▶ **WHAT TO WORK ON**: Please transcribe the records precisely; pictures stay out of your copy.
-------- DATA FOR THIS TASK
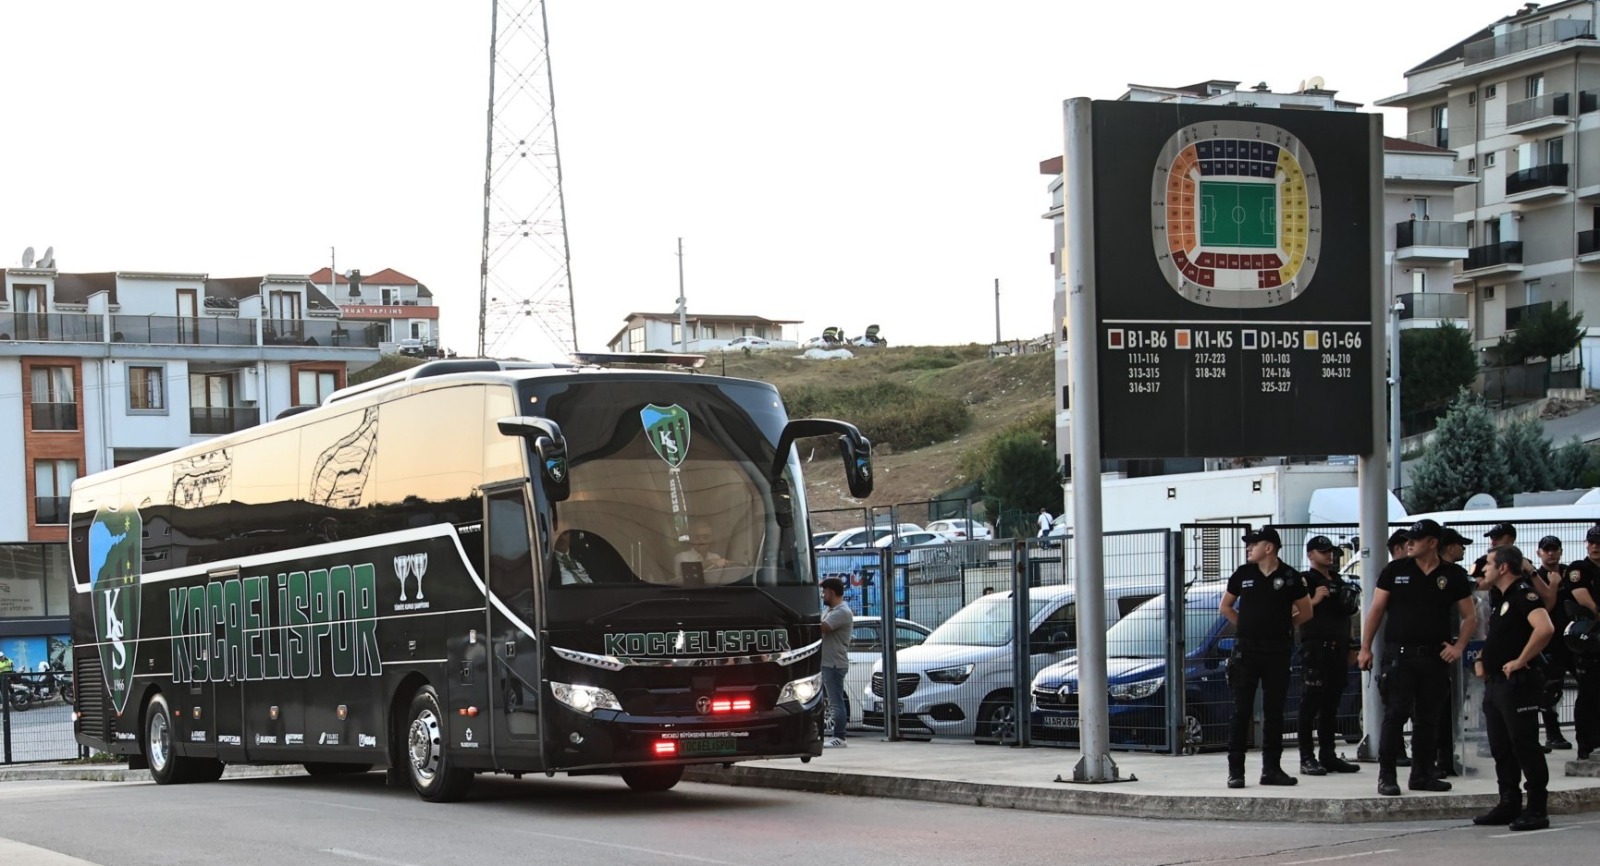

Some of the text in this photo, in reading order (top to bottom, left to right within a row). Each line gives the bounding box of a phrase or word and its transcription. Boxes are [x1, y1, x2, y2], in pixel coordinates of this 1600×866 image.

[1128, 331, 1167, 348] B1-B6
[1195, 331, 1233, 348] K1-K5
[1261, 332, 1299, 348] D1-D5
[1322, 332, 1362, 349] G1-G6
[1128, 354, 1160, 364] 111-116
[1195, 354, 1226, 364] 217-223
[1262, 354, 1290, 364] 101-103
[1322, 354, 1351, 364] 204-210
[1128, 368, 1160, 378] 313-315
[1195, 368, 1226, 378] 318-324
[1262, 368, 1290, 378] 124-126
[1322, 368, 1351, 378] 304-312
[1128, 382, 1160, 392] 316-317
[1262, 382, 1290, 392] 325-327
[659, 430, 678, 454] KS
[104, 588, 126, 670] KS
[114, 678, 125, 691] 1966
----------------
▶ **FINAL ANSWER**:
Some of the text in this photo, in reading order (top to bottom, left to right within a row). Each line gives the bounding box of a phrase or word and its transcription. Boxes are [x1, y1, x2, y2], in pixel coordinates of this 1600×866 image.

[1128, 331, 1167, 348] B1-B6
[1195, 331, 1233, 348] K1-K5
[1261, 332, 1299, 348] D1-D5
[1322, 332, 1362, 349] G1-G6
[1128, 354, 1160, 364] 111-116
[1195, 354, 1226, 364] 217-223
[1262, 354, 1290, 364] 101-103
[1322, 354, 1351, 364] 204-210
[1128, 368, 1160, 378] 313-315
[1195, 368, 1226, 378] 318-324
[1262, 368, 1290, 378] 124-126
[1322, 368, 1351, 378] 304-312
[1128, 382, 1160, 392] 316-317
[1262, 382, 1290, 392] 325-327
[659, 430, 678, 454] KS
[104, 588, 126, 670] KS
[114, 678, 125, 691] 1966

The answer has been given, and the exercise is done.